ASSIGNMENT: Every record below, from first to last, should be copied exactly; leave the pictures out.

══ DATA IN THIS EXERCISE ══

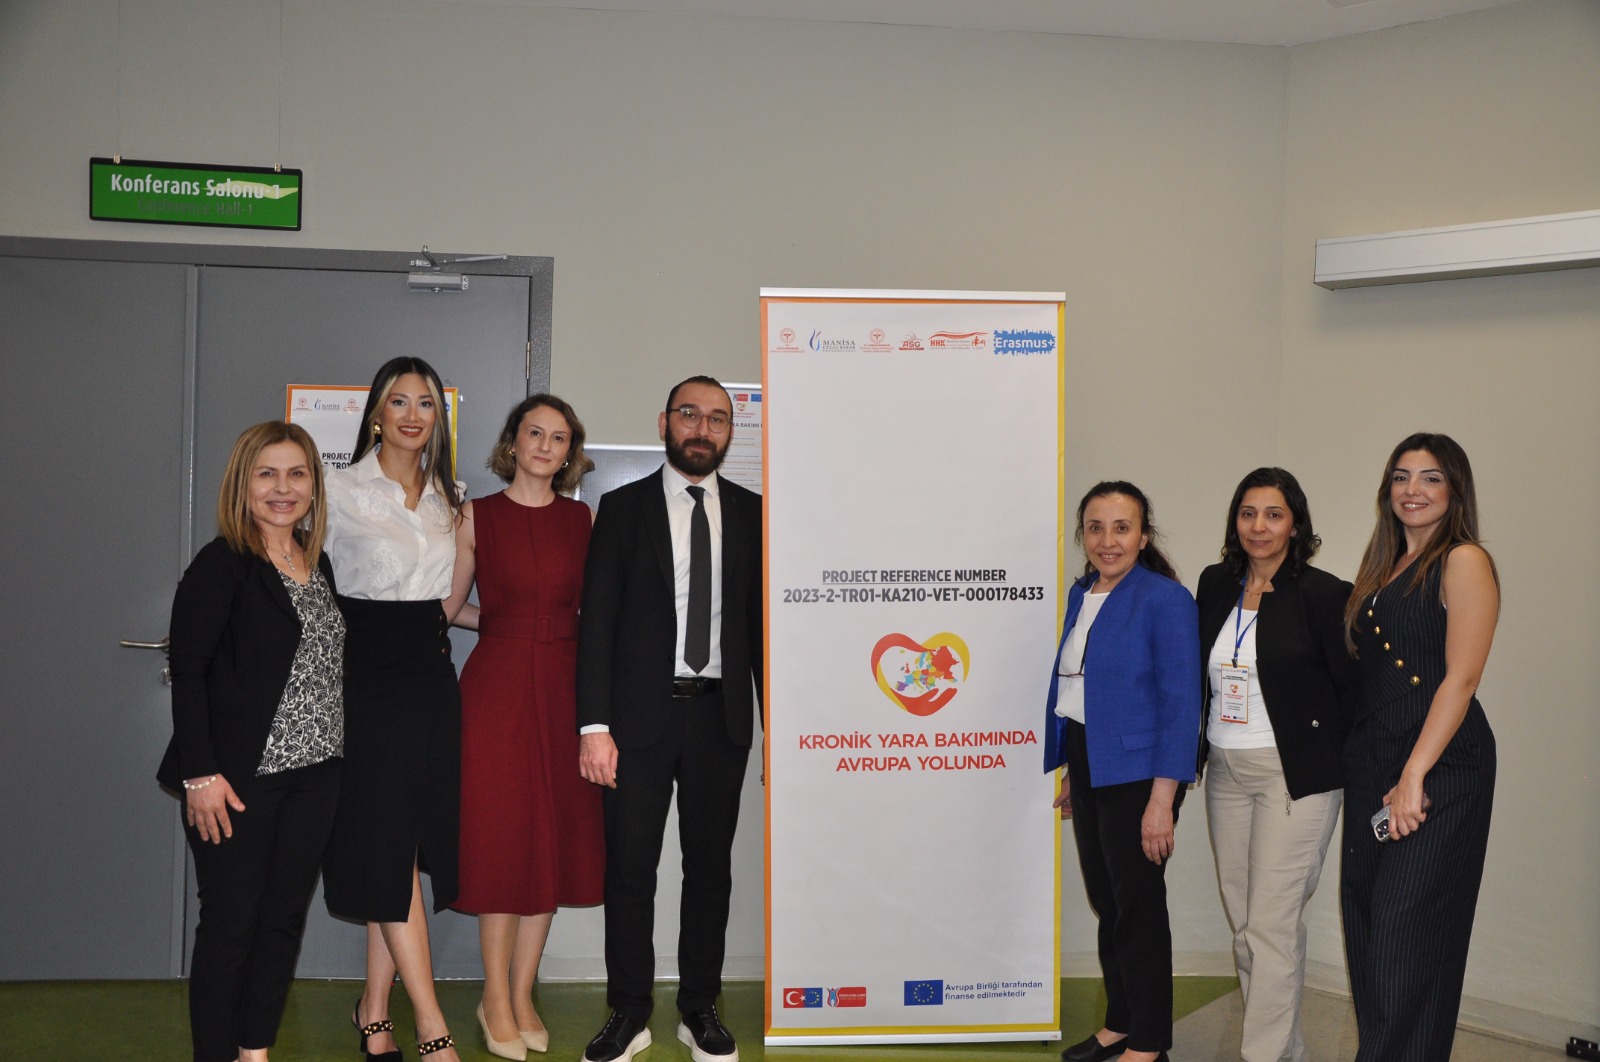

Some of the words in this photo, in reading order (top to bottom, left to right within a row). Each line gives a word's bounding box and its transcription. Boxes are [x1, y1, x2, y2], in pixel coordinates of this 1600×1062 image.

[111, 174, 200, 196] Konferans
[206, 178, 280, 199] Salonu-1
[216, 202, 253, 216] Hall-1
[930, 339, 946, 347] HHK
[994, 337, 1055, 349] Erasmus+
[321, 452, 352, 460] PROJECT
[822, 570, 878, 583] PROJECT
[880, 570, 952, 582] REFERENCE
[954, 569, 1007, 582] NUMBER
[783, 586, 1044, 603] 2023-2-TR01-KA210-VET-000178433
[799, 731, 872, 749] KRONİK
[878, 733, 929, 748] YARA
[934, 730, 1037, 747] BAKIMINDA
[836, 756, 911, 771] AVRUPA
[917, 754, 1006, 770] YOLUNDA
[945, 984, 974, 992] Avrupa
[976, 982, 1000, 990] Birliği
[945, 992, 975, 1000] finanse
[976, 991, 1026, 999] edilmektedir
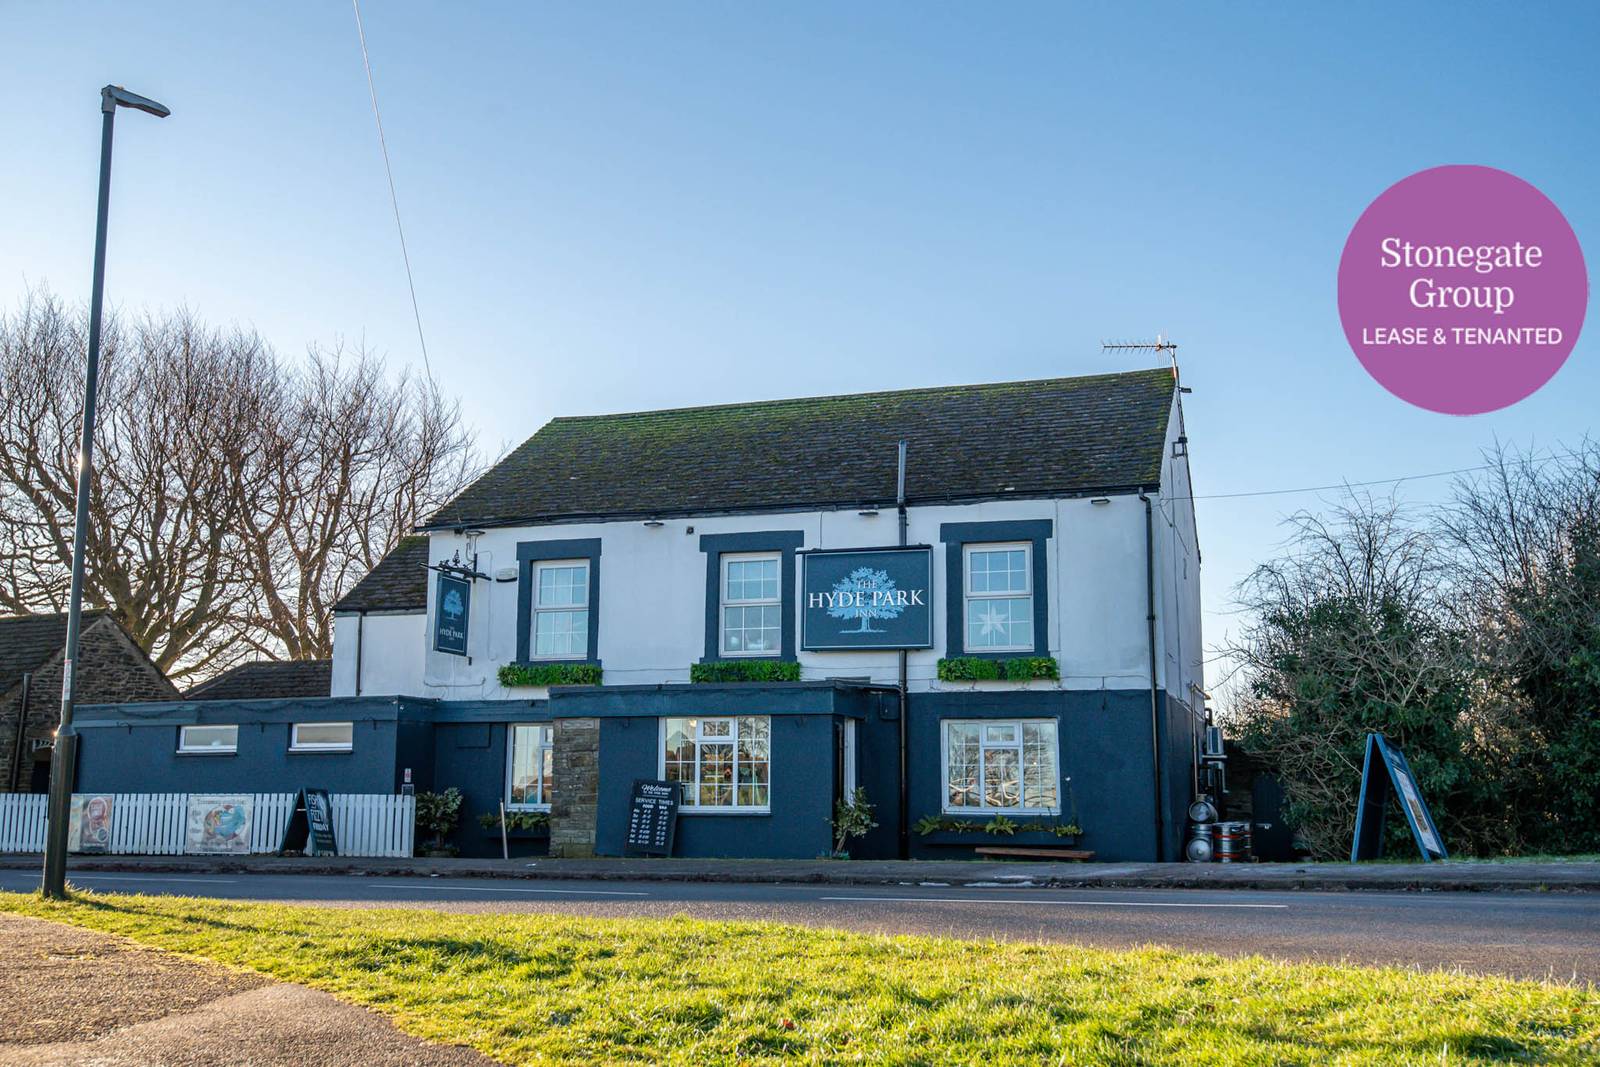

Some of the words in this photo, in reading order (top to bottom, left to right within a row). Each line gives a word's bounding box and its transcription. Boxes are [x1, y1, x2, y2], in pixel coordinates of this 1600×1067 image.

[858, 580, 877, 589] THE
[809, 592, 865, 608] HYDE
[872, 590, 925, 607] PARK
[855, 609, 877, 618] INN
[641, 784, 672, 792] Welcome
[312, 822, 329, 831] FRIDAY
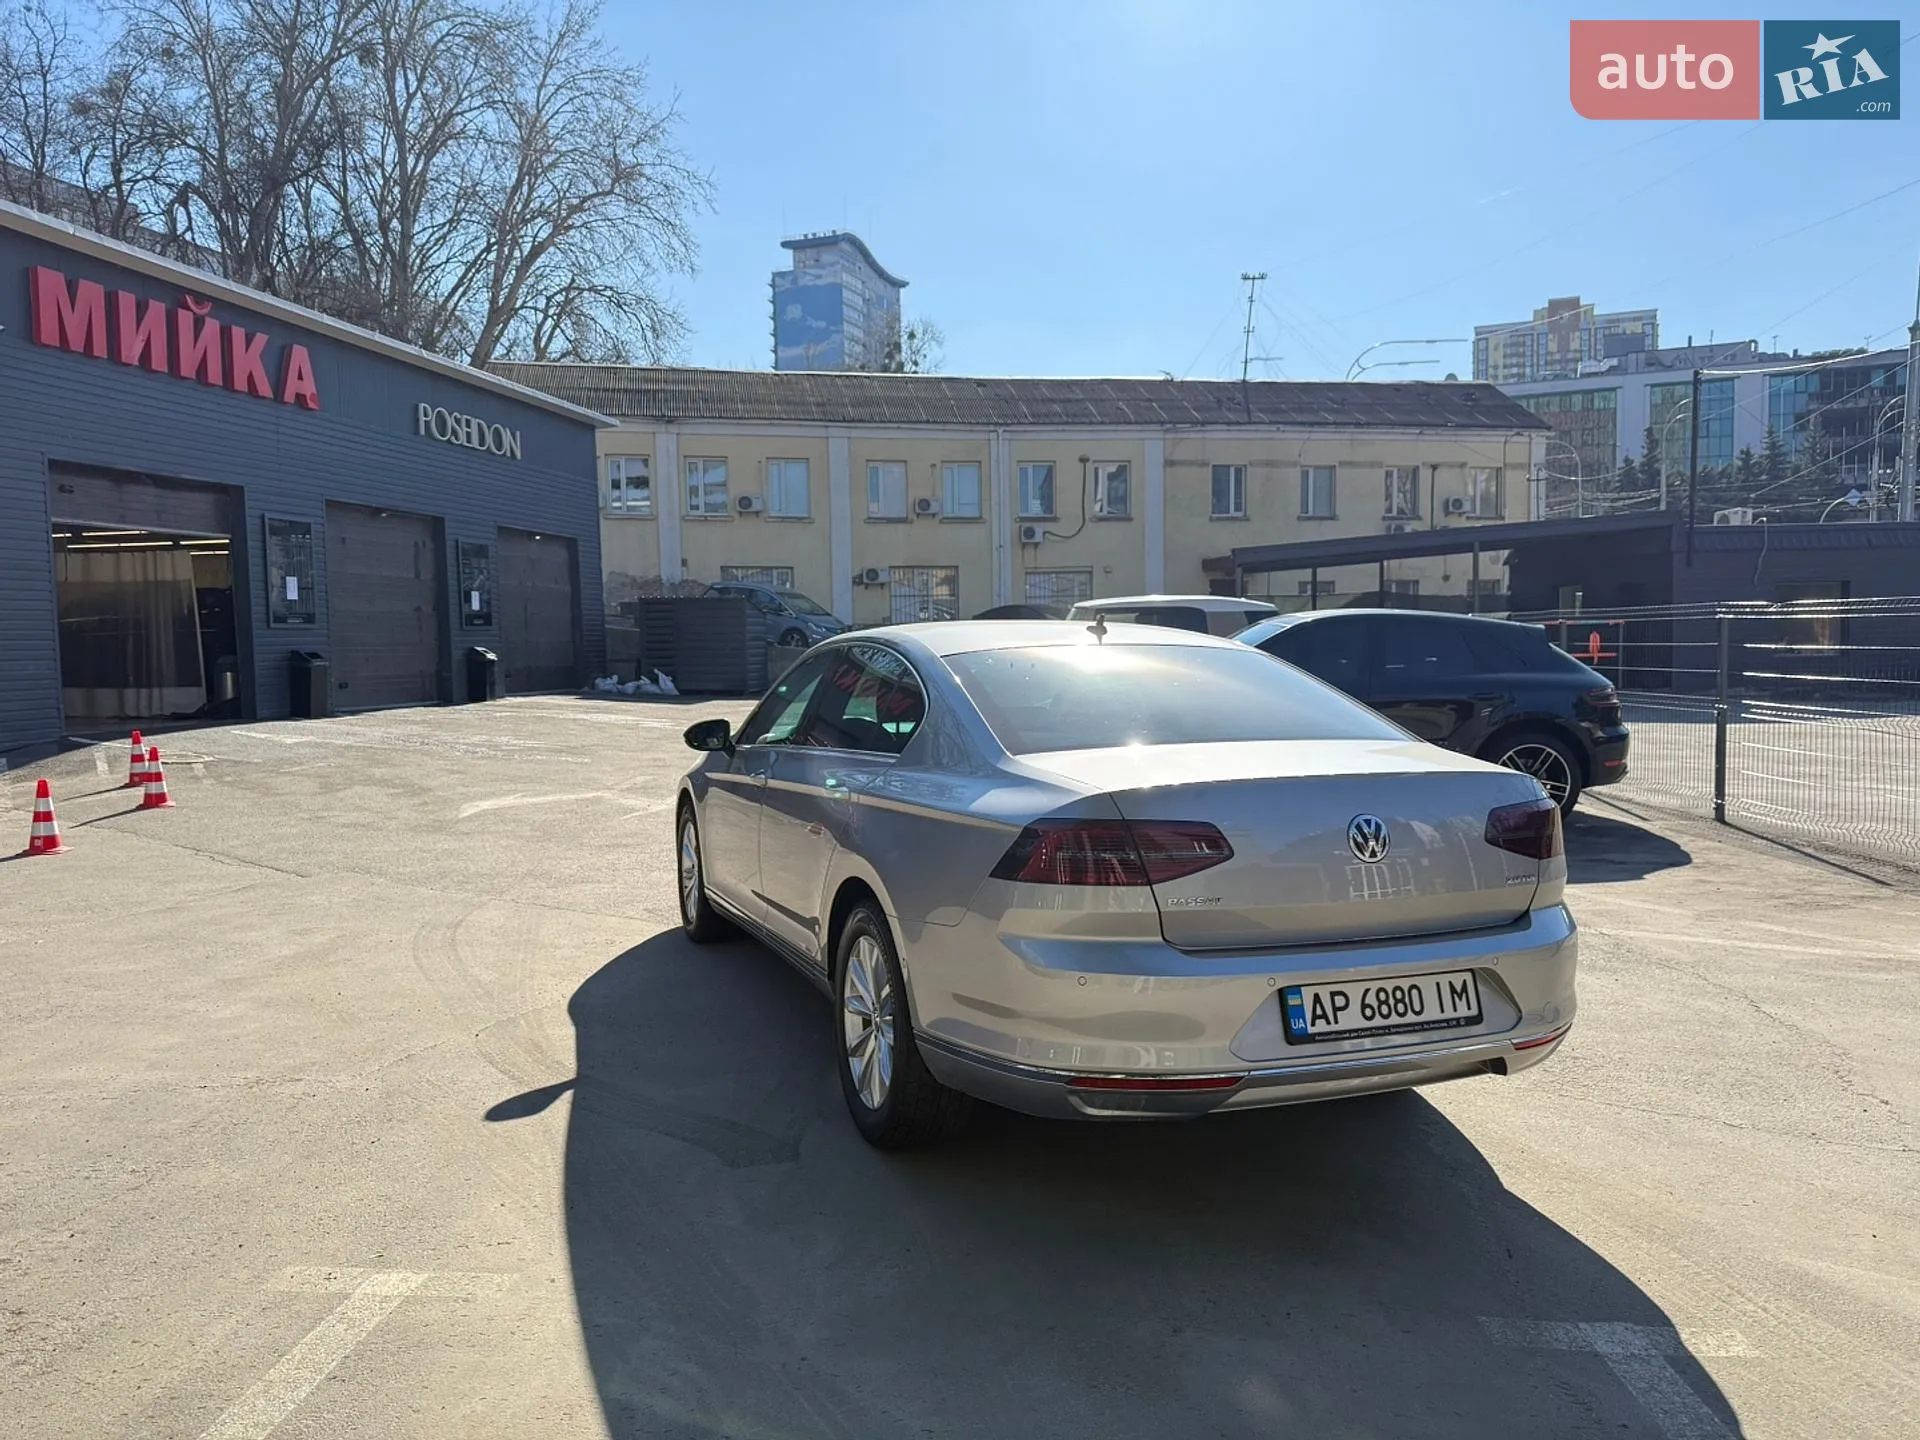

═══

RESULT OF THE TASK:
Some of the words in this photo, in reading order (top to bottom, left to right within a row). Each line gives a word's bounding box and its transcription. Boxes are [x1, y1, x2, y2], in pixel coordinates of this 1600×1062 image.

[111, 174, 200, 196] Konferans
[206, 178, 280, 199] Salonu-1
[216, 202, 253, 216] Hall-1
[930, 339, 946, 347] HHK
[994, 337, 1055, 349] Erasmus+
[321, 452, 352, 460] PROJECT
[822, 570, 878, 583] PROJECT
[880, 570, 952, 582] REFERENCE
[954, 569, 1007, 582] NUMBER
[783, 586, 1044, 603] 2023-2-TR01-KA210-VET-000178433
[799, 731, 872, 749] KRONİK
[878, 733, 929, 748] YARA
[934, 730, 1037, 747] BAKIMINDA
[836, 756, 911, 771] AVRUPA
[917, 754, 1006, 770] YOLUNDA
[945, 984, 974, 992] Avrupa
[976, 982, 1000, 990] Birliği
[945, 992, 975, 1000] finanse
[976, 991, 1026, 999] edilmektedir

Some of the words in this photo, in reading order (top to bottom, left to right within a row). Each line gives a word's bounding box and its transcription. Boxes are [x1, y1, x2, y2], in pixel coordinates of this 1600×1067 image.

[858, 580, 877, 589] THE
[809, 592, 865, 608] HYDE
[872, 590, 925, 607] PARK
[855, 609, 877, 618] INN
[641, 784, 672, 792] Welcome
[312, 822, 329, 831] FRIDAY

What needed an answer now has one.